Innscor has also been fined a hefty $40.59 million by the commission which also ordered Innscor to get rid of its interest in the business.
According to the publication:
In a letter to Innscor’s investment vehicle, Ashram Investment (Private) Limited, dated May 21, 2020, Competition and Tariffs Commission director Ellen Ruparaganda said the merger involving Profeeds, Produtrade and Ashram be prohibited and that Ashram divests from Profeeds immediately. A penalty amounting to $40.59 mln being 6.43% of Innscor’s turnover for 2018 be imposed on the entities for contravening the merger notification provisions in the Act.
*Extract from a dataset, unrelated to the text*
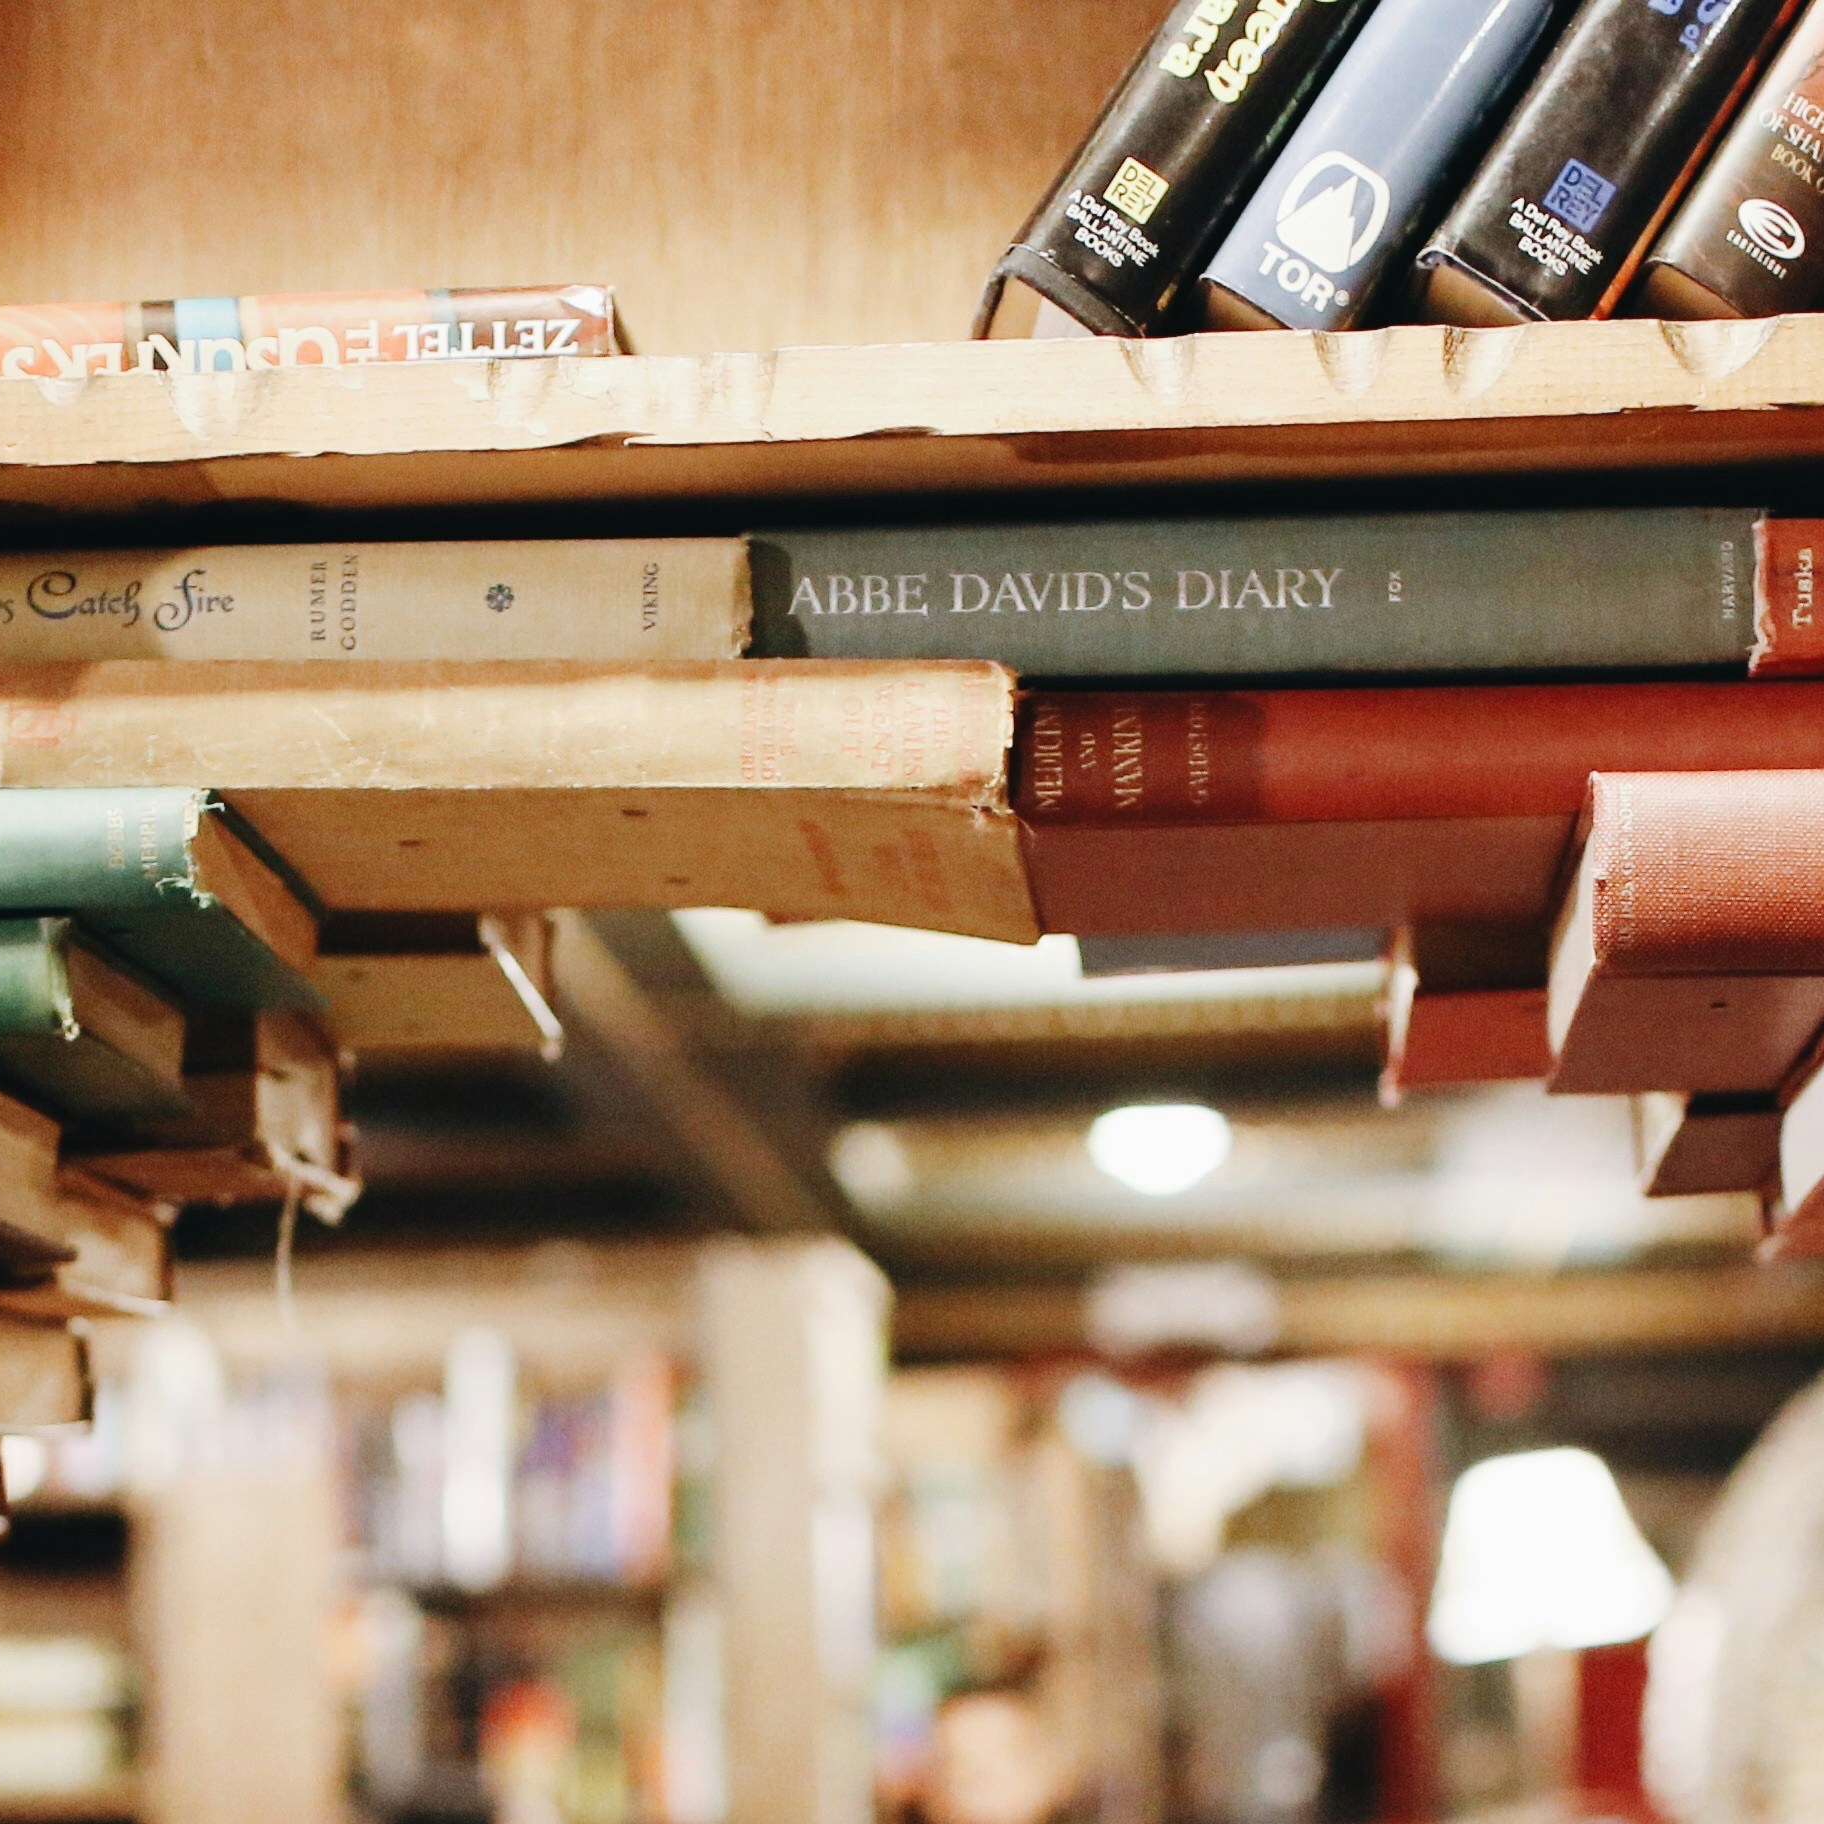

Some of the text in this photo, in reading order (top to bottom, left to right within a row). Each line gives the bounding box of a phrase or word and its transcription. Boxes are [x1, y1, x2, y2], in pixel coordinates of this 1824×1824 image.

The reasons for the penalty are not given in the correspondence but the quoted section says that if notifiable mergers do not meet the requirements set out in the Act then the Commission (using Section 34A) can impose a penalty which does not exceed 10% of either or both of the merging parties’ annual turnover in Zimbabwe.
CTC reportedly started investigating the deal between Innscor and Profeeds when they learnt about the merger. Innsocr and PROfeeds are yet to comment about the development.